1. Field of the Invention
Exemplary aspects of the present invention generally relate to a drive transmission unit and an image forming apparatus including the drive transmission unit, and more particularly to an image forming apparatus such as a copier, a facsimile machine, a printer, or a multi-functional system including a combination thereof
2. Description of the Related Art
Related-art image forming apparatuses, such as copiers, facsimile machines, printers, or multifunction printers having at least one of copying, printing, scanning, and facsimile capabilities, typically form an image on a recording medium according to image data. Thus, for example, a charger uniformly charges a surface of an image bearing member (which may, for example, be a photoconductive drum); an optical writer projects a light beam onto the charged surface of the image bearing member to form an electrostatic latent image on the image bearing member according to the image data; a developing device supplies toner to the electrostatic latent image formed on the image bearing member to render the electrostatic latent image visible as a toner image; the toner image is directly transferred from the image bearing member onto a recording medium or is indirectly transferred from the image bearing member onto a recording medium via an intermediate transfer member; a cleaning device then cleans the surface of the image carrier after the toner image is transferred from the image carrier onto the recording medium; finally, a fixing device applies heat and pressure to the recording medium bearing the unfixed toner image to fix the unfixed toner image on the recording medium, thus forming the image on the recording medium.

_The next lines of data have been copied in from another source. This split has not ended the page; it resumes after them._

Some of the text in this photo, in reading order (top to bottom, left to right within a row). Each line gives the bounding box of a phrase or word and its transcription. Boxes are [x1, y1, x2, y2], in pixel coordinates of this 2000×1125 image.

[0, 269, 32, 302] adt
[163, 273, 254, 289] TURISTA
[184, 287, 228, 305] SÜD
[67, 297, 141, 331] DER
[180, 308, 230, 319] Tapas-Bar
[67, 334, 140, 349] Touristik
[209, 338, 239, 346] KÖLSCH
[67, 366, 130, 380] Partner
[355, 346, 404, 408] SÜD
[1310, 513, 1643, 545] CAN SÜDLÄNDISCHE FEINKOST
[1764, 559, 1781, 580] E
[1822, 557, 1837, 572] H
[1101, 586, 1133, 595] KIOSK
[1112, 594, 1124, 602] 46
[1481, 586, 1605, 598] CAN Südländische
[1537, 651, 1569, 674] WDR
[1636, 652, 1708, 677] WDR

The image bearing member is rotated by a drive source such as a motor. Generally, the speed of the drive source is greater than the target speed of the image bearing member. Thus, a planetary gear decelerator is used to reduce the speed of rotation of the drive source so that the reduced speed is transmitted to the image bearing member.
Typically, known planetary gear decelerators consist of a sun gear, an outer gear, a plurality of planetary gears, and a carrier. The sun gear receives torque from the drive source and rotates. The outer gear is coaxially provided to the same shaft as the sun gear and fixed immovably to the planetary gear decelerator. The plurality of planetary gears is disposed equally spaced around the inner circumference thereof and engages the sun gear and the outer gear. The carrier is rotatable on the same shaft as the sun gear and the outer gear, and rotatively supports the planetary gears. Accordingly, the carrier outputs the torque at a reduced speed.

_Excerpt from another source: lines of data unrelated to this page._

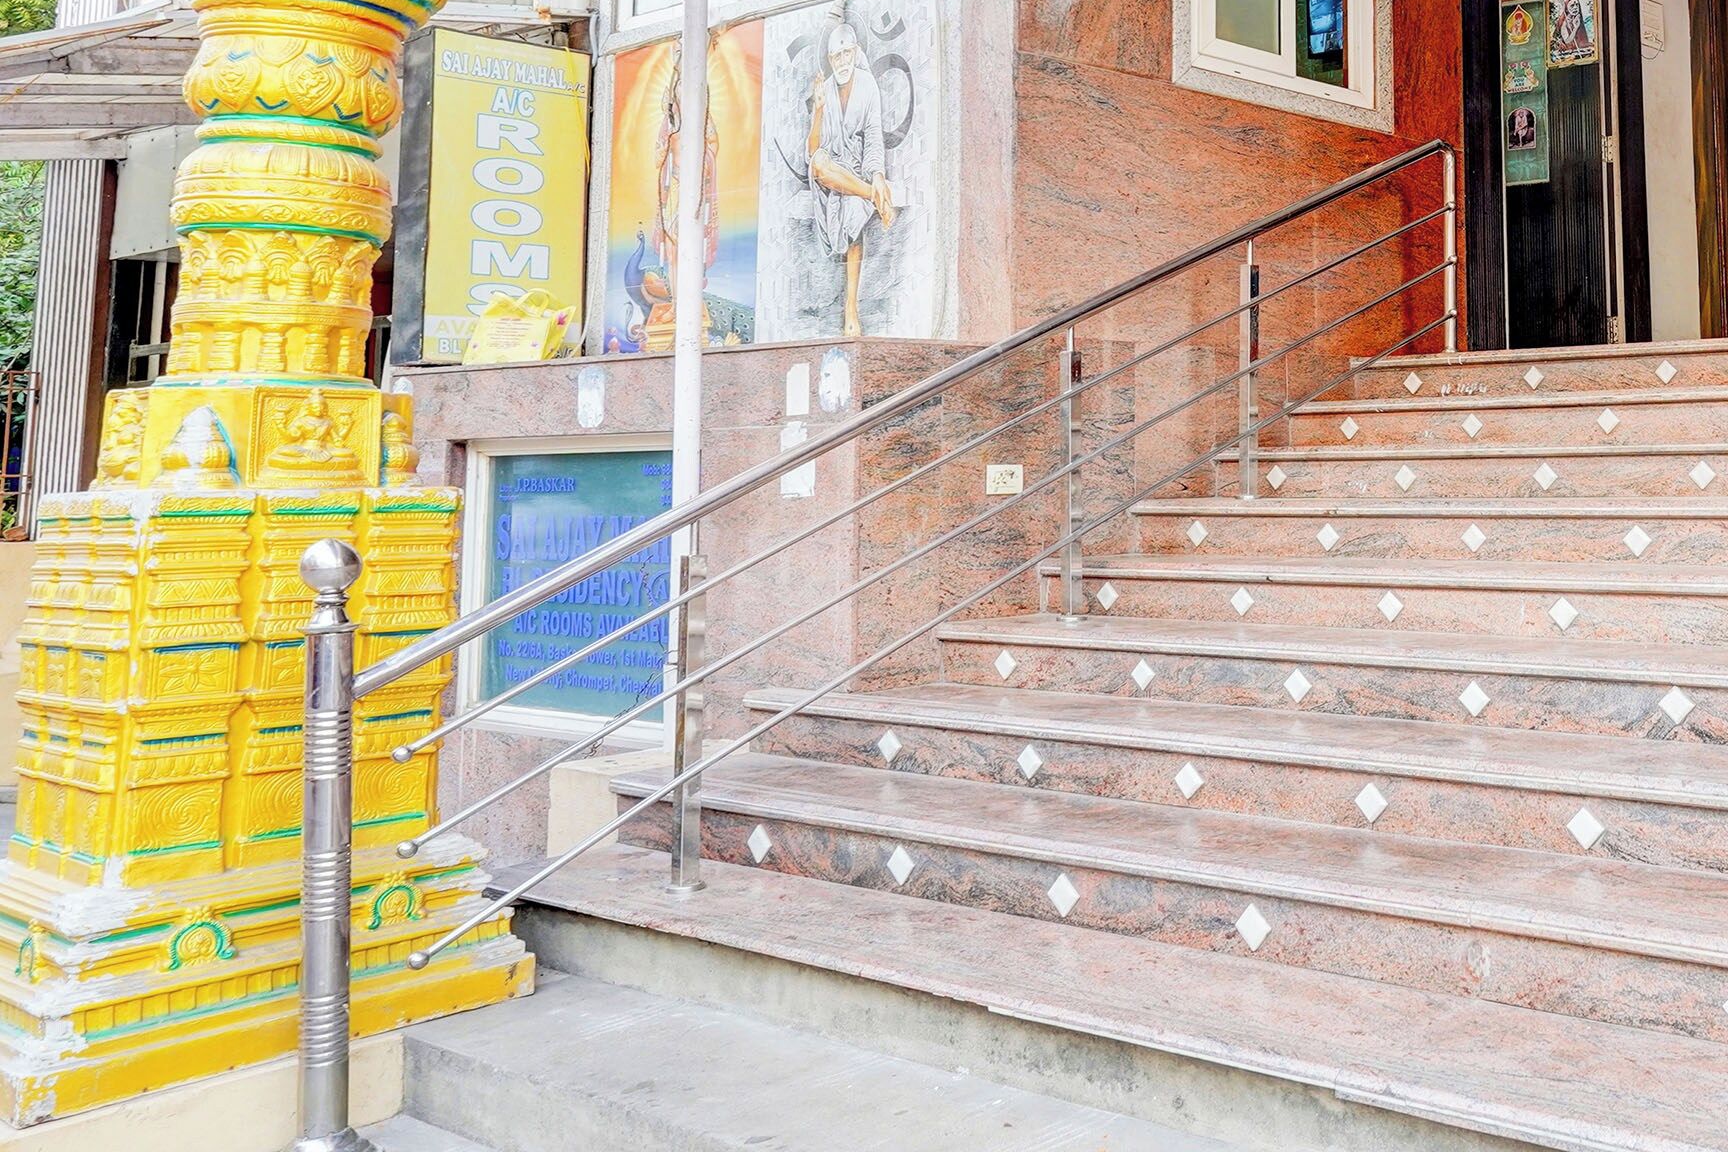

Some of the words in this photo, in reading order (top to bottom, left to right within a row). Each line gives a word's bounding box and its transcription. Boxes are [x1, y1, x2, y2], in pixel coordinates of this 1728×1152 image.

[441, 49, 469, 75] SAI
[472, 55, 512, 81] AJAY
[514, 60, 566, 90] MAHAL
[491, 87, 535, 118] A/C
[515, 477, 576, 493] J.P.BASKAR
[497, 514, 537, 561] SAI
[542, 515, 605, 562] AJAY
[514, 609, 536, 635] A/C
[541, 610, 594, 638] ROOMS
[497, 640, 513, 657] No.
[621, 649, 636, 666] 1st
[506, 665, 527, 681] New
[566, 669, 617, 693] Chrompet,

Helical gears are used for the outer gear, the sun gear, and the planetary gears to increase contact ratio, reduce fluctuation of the speed of a meshing cycle, and reduce noise.
A helical gear is a gear with teeth which are set at an angle relative to the axis of rotation. Thus, as the sun gear rotates, a thrust load is generated in the direction of the rotation axis (thrust direction) between the sun gear and the planetary gears, and between the outer gear and the planetary gears in the planetary gear decelerator. The planetary gears do not shift in the direction of the thrust because the direction of thrust load due to engagement of the planetary gears and the sun gear is opposite to the direction of thrust load due to engagement of the planetary gears and the outer gear, thereby canceling out the thrust loads.
As for the outer gear, even when the outer gear moves in the direction of thrust due to engagement with the planetary gears and contacts an adjacent device in the direction of thrust, the outer gear does not get abraded because the outer gear itself does not rotate. Accordingly, loss of power and abrasion due to heat do not occur.
However, if the sun gear shifts in the direction of thrust due to engagement with the planetary gears and hence comes into contact with a partner member opposite the sun gear in the direction of thrust, the sun gear contacts the partner member while rotating. As a result, loss of power and abrasion occur due to rotational friction at the contact portion where the sun gear and the partner member contact.
In view of the above, Japanese Patent No. 4590299 proposes a planetary gear decelerator in which the sun gear is supported by a fixing member via a shaft bearing to prevent the sun gear from shifting in the direction of thrust. In this configuration, the sun gear is prevented from contacting the partner member. However, power must be maintained even when the thrust load is applied to the shaft bearing via the sun gear, and such a shaft bearing is generally expensive.
In another approach, according to JP-2006-307909-A, a portion of the sun gear that contacts the partner member is made spherical. In this configuration, the area of contact with the partner member is reduced, and thus loss of power and abrasion due to rotational friction can be prevented.
Although advantageous and generally effective for its intended purpose, the portion of the sun gear having the spherical surface gets abraded after extended use, causing loss of power and abrasion. Moreover, according to the results of experiments performed by the present inventors, even when grease was supplied to the spherical portion of the sun gear, the grease spattered due to the centrifugal force of rotation of the sun gear, and hence abrasion of the spherical portion of the sun gear was not prevented.